Why Jones recommends it: “This exercise works the muscles of the hamstrings, quads, glutes, abdominals, hip flexors, upper back, arms and shoulders,” says Jones.
3. Bear hold
Sets: 3 Reps: 10
How to do it:
- Get on your hands and knees with your back flat.
- Tuck your toes and push them down to raise your knees just off the mat. Keep your shoulders over your wrists, your biceps facing forward and your upper back engaged. Keep your glutes and legs engaged.
- Pause for five breaths (or to fatigue), then return your knees to the mat.
Form tips: “Resist the temptation to raise your knees any higher as this releases the core,” says Jones.

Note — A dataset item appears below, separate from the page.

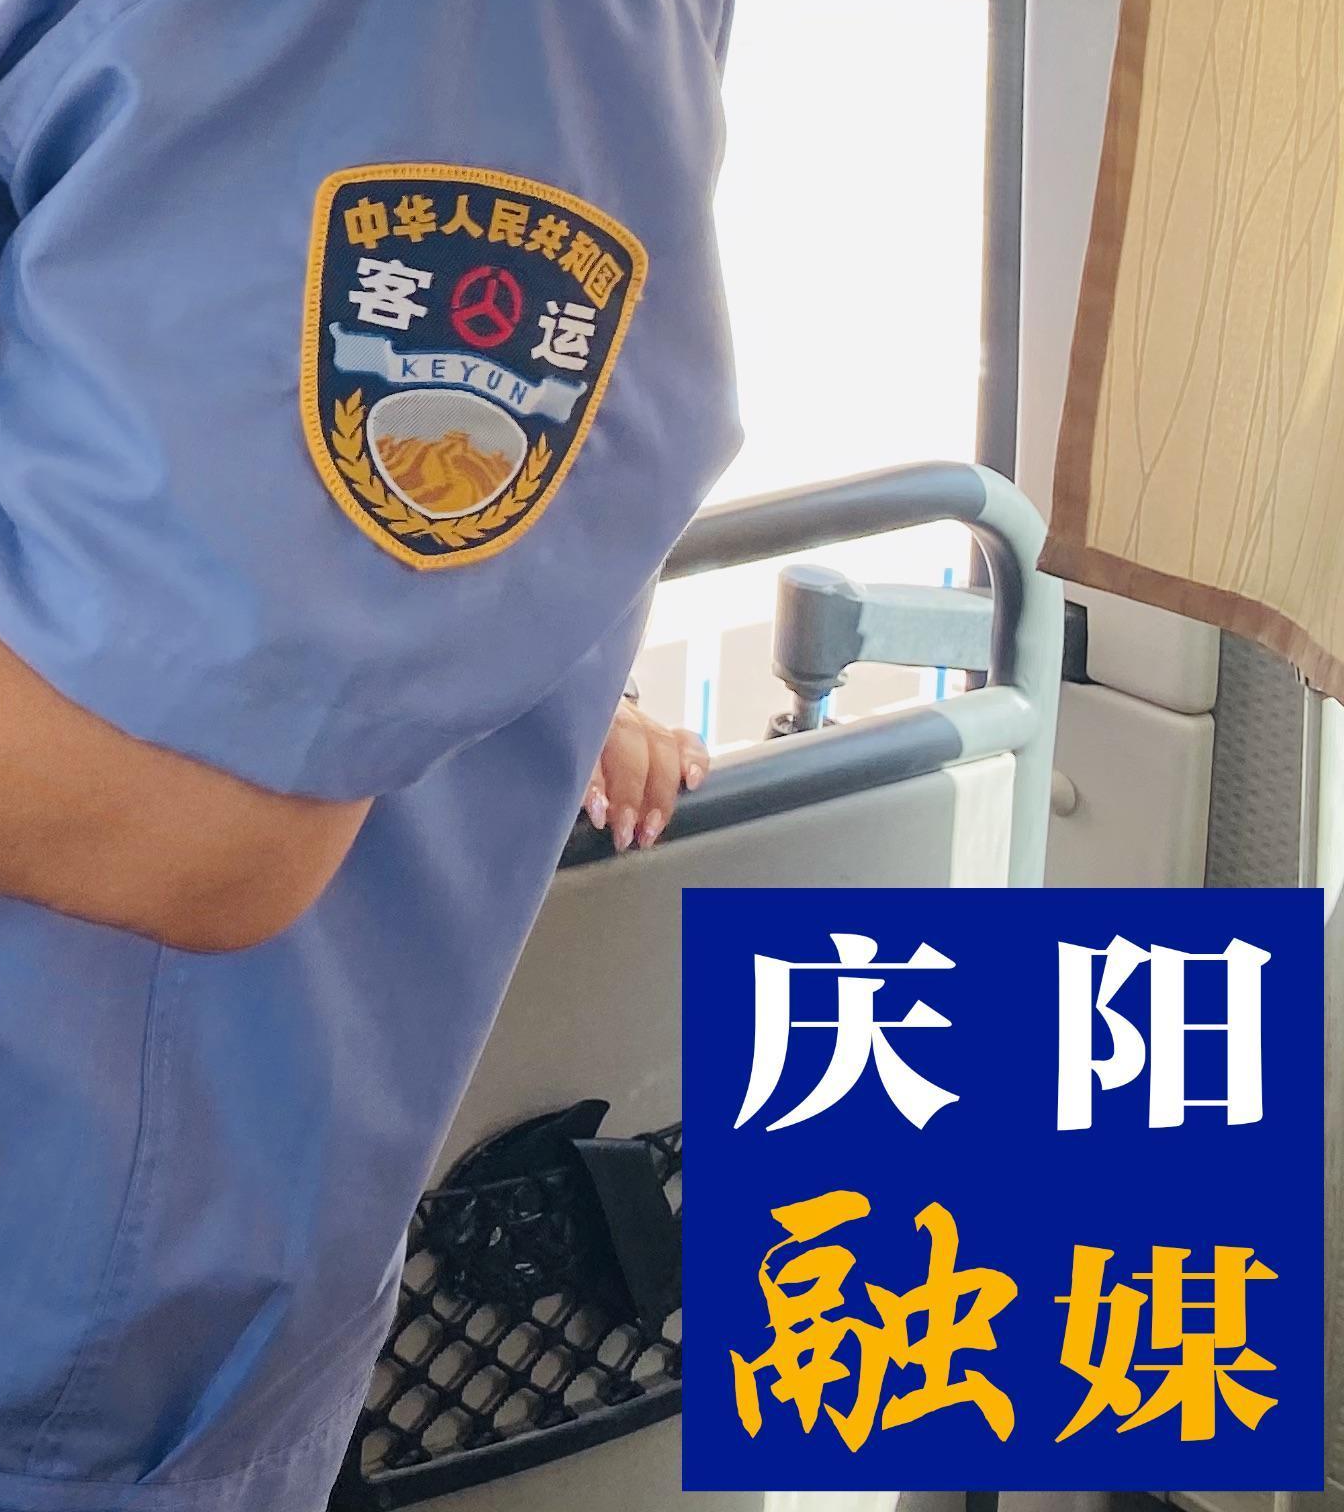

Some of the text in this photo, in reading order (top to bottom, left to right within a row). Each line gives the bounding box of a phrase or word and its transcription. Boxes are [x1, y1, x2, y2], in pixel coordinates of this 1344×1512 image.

[343, 193, 625, 310] 中华人民共和国
[401, 357, 529, 406] KEYUN

Why Jones recommends it: “This is a full-body exercise that works the core, hamstrings, shoulders, chest, quads and ankles.”

Jones has been a personal trainer for 25 years and is certified at four levels through the American Council on Exercise (ACE). For the past 17 years, as director and founder of Auburn Yoga & Fitness, she has covered several areas, including post-rehab training, yoga, senior strength and mobility, group fitness and functional training.